• [TASK TO CARRY OUT]:
Keeping pictures out of the copy, restate each record word for word.

• [SUPPLIED INFORMATION]:
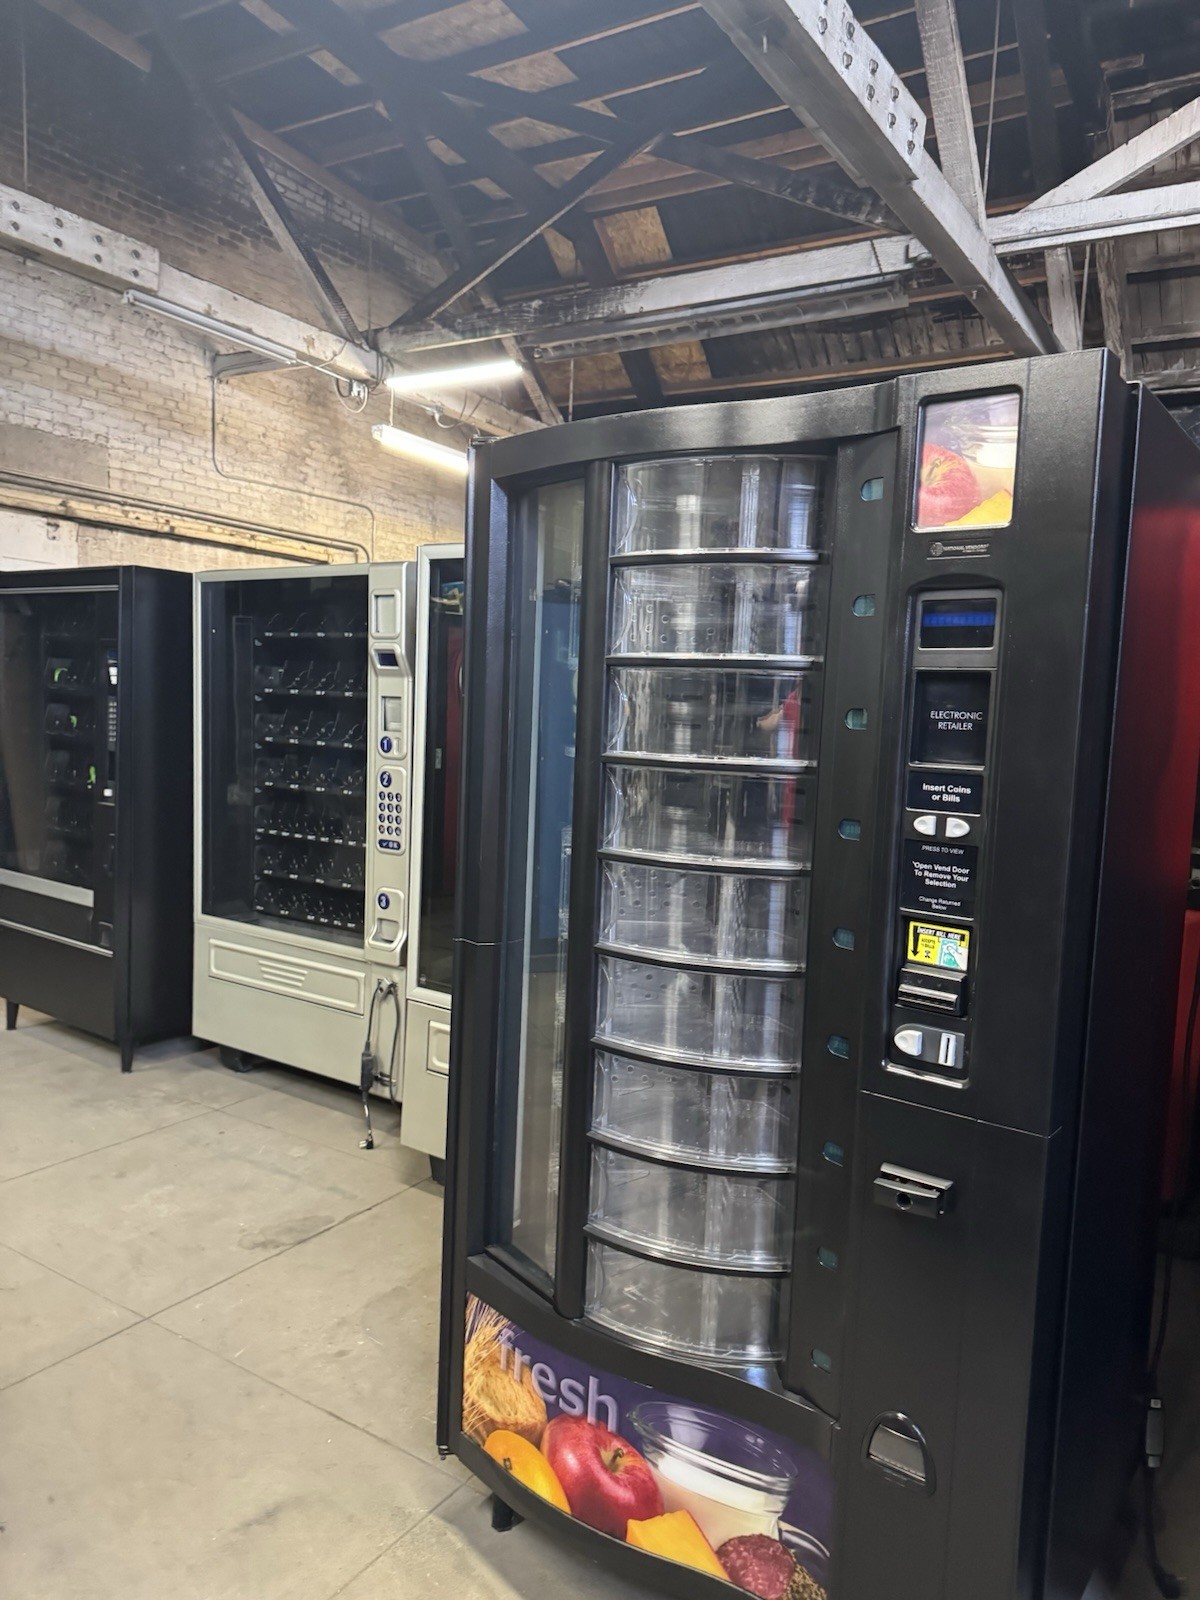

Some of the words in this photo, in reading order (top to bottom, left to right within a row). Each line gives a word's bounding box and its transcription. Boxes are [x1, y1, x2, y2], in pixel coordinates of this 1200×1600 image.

[930, 710, 983, 720] ELECTRONIC
[938, 722, 973, 730] RETAILER
[382, 739, 388, 751] 1
[382, 774, 388, 786] 2
[922, 782, 946, 792] Insert
[947, 784, 972, 794] Coins
[942, 794, 960, 803] Bills
[933, 864, 950, 872] Vend
[952, 866, 970, 874] Door
[924, 870, 952, 880] Remove
[952, 874, 970, 882] Your
[924, 878, 956, 888] Selection
[380, 896, 386, 908] 3
[917, 926, 936, 936] INSERT
[498, 1328, 619, 1433] fresh

• [FINISHED EXERCISE]:
Some of the words in this photo, in reading order (top to bottom, left to right within a row). Each line gives a word's bounding box and its transcription. Boxes are [x1, y1, x2, y2], in pixel coordinates of this 1200×1600 image.

[930, 710, 983, 720] ELECTRONIC
[938, 722, 973, 730] RETAILER
[382, 739, 388, 751] 1
[382, 774, 388, 786] 2
[922, 782, 946, 792] Insert
[947, 784, 972, 794] Coins
[942, 794, 960, 803] Bills
[933, 864, 950, 872] Vend
[952, 866, 970, 874] Door
[924, 870, 952, 880] Remove
[952, 874, 970, 882] Your
[924, 878, 956, 888] Selection
[380, 896, 386, 908] 3
[917, 926, 936, 936] INSERT
[498, 1328, 619, 1433] fresh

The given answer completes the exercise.